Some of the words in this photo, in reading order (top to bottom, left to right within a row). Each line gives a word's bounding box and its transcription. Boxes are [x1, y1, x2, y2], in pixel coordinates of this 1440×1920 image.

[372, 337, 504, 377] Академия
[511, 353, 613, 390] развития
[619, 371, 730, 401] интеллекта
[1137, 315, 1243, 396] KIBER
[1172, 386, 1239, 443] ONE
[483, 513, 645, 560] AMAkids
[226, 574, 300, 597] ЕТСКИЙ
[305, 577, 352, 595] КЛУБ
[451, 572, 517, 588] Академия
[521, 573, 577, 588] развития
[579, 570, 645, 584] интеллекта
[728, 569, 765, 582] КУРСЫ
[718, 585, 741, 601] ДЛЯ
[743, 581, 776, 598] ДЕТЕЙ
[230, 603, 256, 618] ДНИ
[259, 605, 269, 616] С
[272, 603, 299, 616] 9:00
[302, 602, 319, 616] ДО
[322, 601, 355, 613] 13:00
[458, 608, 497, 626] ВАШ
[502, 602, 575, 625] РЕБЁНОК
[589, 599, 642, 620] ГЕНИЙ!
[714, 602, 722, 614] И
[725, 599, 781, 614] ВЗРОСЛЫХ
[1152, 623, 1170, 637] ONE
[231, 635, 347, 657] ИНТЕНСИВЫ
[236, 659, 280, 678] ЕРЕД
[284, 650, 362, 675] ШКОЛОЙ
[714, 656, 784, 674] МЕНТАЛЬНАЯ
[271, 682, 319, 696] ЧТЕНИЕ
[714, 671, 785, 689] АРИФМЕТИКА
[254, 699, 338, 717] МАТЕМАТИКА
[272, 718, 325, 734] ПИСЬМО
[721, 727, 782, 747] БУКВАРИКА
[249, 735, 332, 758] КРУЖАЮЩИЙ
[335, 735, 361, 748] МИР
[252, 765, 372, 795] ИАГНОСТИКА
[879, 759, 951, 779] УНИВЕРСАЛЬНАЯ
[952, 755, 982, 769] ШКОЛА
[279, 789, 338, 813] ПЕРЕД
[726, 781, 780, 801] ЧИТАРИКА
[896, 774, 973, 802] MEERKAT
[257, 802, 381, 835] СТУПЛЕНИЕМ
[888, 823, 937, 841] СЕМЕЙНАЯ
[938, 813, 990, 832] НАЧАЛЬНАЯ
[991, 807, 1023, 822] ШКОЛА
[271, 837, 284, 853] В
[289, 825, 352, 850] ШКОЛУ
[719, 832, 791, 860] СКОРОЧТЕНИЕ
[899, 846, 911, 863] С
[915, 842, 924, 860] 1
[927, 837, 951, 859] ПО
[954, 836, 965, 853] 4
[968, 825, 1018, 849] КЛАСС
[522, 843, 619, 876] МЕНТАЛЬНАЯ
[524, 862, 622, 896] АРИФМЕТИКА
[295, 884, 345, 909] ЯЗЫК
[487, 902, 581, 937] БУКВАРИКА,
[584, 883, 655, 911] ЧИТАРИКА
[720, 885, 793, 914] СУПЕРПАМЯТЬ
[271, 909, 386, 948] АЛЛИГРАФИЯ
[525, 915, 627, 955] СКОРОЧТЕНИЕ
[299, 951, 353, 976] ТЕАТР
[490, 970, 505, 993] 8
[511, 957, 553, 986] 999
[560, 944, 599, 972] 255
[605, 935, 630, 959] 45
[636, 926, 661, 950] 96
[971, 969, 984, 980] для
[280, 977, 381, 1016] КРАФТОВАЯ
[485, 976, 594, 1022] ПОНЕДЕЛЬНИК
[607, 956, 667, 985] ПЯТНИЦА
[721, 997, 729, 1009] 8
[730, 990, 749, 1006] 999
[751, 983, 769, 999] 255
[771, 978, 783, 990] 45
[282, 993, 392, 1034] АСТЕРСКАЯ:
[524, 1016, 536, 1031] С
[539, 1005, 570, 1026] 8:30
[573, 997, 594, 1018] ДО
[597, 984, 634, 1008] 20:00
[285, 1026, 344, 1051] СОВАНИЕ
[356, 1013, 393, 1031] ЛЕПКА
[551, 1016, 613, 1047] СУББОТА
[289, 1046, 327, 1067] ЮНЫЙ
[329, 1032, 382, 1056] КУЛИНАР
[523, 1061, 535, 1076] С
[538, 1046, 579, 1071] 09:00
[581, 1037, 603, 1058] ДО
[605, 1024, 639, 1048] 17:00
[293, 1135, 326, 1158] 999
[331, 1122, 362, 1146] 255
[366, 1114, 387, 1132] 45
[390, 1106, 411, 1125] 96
■ ■ ■ ■ ■ ■ ■
Each record shown above must be reproduced exactly.

Some of the words in this photo, in reading order (top to bottom, left to right within a row). Each line gives a word's bounding box and its transcription. Boxes are [x1, y1, x2, y2], in pixel coordinates of this 1440×1920 image.

[372, 337, 504, 377] Академия
[511, 353, 613, 390] развития
[619, 371, 730, 401] интеллекта
[1137, 315, 1243, 396] KIBER
[1172, 386, 1239, 443] ONE
[483, 513, 645, 560] AMAkids
[226, 574, 300, 597] ЕТСКИЙ
[305, 577, 352, 595] КЛУБ
[451, 572, 517, 588] Академия
[521, 573, 577, 588] развития
[579, 570, 645, 584] интеллекта
[728, 569, 765, 582] КУРСЫ
[718, 585, 741, 601] ДЛЯ
[743, 581, 776, 598] ДЕТЕЙ
[230, 603, 256, 618] ДНИ
[259, 605, 269, 616] С
[272, 603, 299, 616] 9:00
[302, 602, 319, 616] ДО
[322, 601, 355, 613] 13:00
[458, 608, 497, 626] ВАШ
[502, 602, 575, 625] РЕБЁНОК
[589, 599, 642, 620] ГЕНИЙ!
[714, 602, 722, 614] И
[725, 599, 781, 614] ВЗРОСЛЫХ
[1152, 623, 1170, 637] ONE
[231, 635, 347, 657] ИНТЕНСИВЫ
[236, 659, 280, 678] ЕРЕД
[284, 650, 362, 675] ШКОЛОЙ
[714, 656, 784, 674] МЕНТАЛЬНАЯ
[271, 682, 319, 696] ЧТЕНИЕ
[714, 671, 785, 689] АРИФМЕТИКА
[254, 699, 338, 717] МАТЕМАТИКА
[272, 718, 325, 734] ПИСЬМО
[721, 727, 782, 747] БУКВАРИКА
[249, 735, 332, 758] КРУЖАЮЩИЙ
[335, 735, 361, 748] МИР
[252, 765, 372, 795] ИАГНОСТИКА
[879, 759, 951, 779] УНИВЕРСАЛЬНАЯ
[952, 755, 982, 769] ШКОЛА
[279, 789, 338, 813] ПЕРЕД
[726, 781, 780, 801] ЧИТАРИКА
[896, 774, 973, 802] MEERKAT
[257, 802, 381, 835] СТУПЛЕНИЕМ
[888, 823, 937, 841] СЕМЕЙНАЯ
[938, 813, 990, 832] НАЧАЛЬНАЯ
[991, 807, 1023, 822] ШКОЛА
[271, 837, 284, 853] В
[289, 825, 352, 850] ШКОЛУ
[719, 832, 791, 860] СКОРОЧТЕНИЕ
[899, 846, 911, 863] С
[915, 842, 924, 860] 1
[927, 837, 951, 859] ПО
[954, 836, 965, 853] 4
[968, 825, 1018, 849] КЛАСС
[522, 843, 619, 876] МЕНТАЛЬНАЯ
[524, 862, 622, 896] АРИФМЕТИКА
[295, 884, 345, 909] ЯЗЫК
[487, 902, 581, 937] БУКВАРИКА,
[584, 883, 655, 911] ЧИТАРИКА
[720, 885, 793, 914] СУПЕРПАМЯТЬ
[271, 909, 386, 948] АЛЛИГРАФИЯ
[525, 915, 627, 955] СКОРОЧТЕНИЕ
[299, 951, 353, 976] ТЕАТР
[490, 970, 505, 993] 8
[511, 957, 553, 986] 999
[560, 944, 599, 972] 255
[605, 935, 630, 959] 45
[636, 926, 661, 950] 96
[971, 969, 984, 980] для
[280, 977, 381, 1016] КРАФТОВАЯ
[485, 976, 594, 1022] ПОНЕДЕЛЬНИК
[607, 956, 667, 985] ПЯТНИЦА
[721, 997, 729, 1009] 8
[730, 990, 749, 1006] 999
[751, 983, 769, 999] 255
[771, 978, 783, 990] 45
[282, 993, 392, 1034] АСТЕРСКАЯ:
[524, 1016, 536, 1031] С
[539, 1005, 570, 1026] 8:30
[573, 997, 594, 1018] ДО
[597, 984, 634, 1008] 20:00
[285, 1026, 344, 1051] СОВАНИЕ
[356, 1013, 393, 1031] ЛЕПКА
[551, 1016, 613, 1047] СУББОТА
[289, 1046, 327, 1067] ЮНЫЙ
[329, 1032, 382, 1056] КУЛИНАР
[523, 1061, 535, 1076] С
[538, 1046, 579, 1071] 09:00
[581, 1037, 603, 1058] ДО
[605, 1024, 639, 1048] 17:00
[293, 1135, 326, 1158] 999
[331, 1122, 362, 1146] 255
[366, 1114, 387, 1132] 45
[390, 1106, 411, 1125] 96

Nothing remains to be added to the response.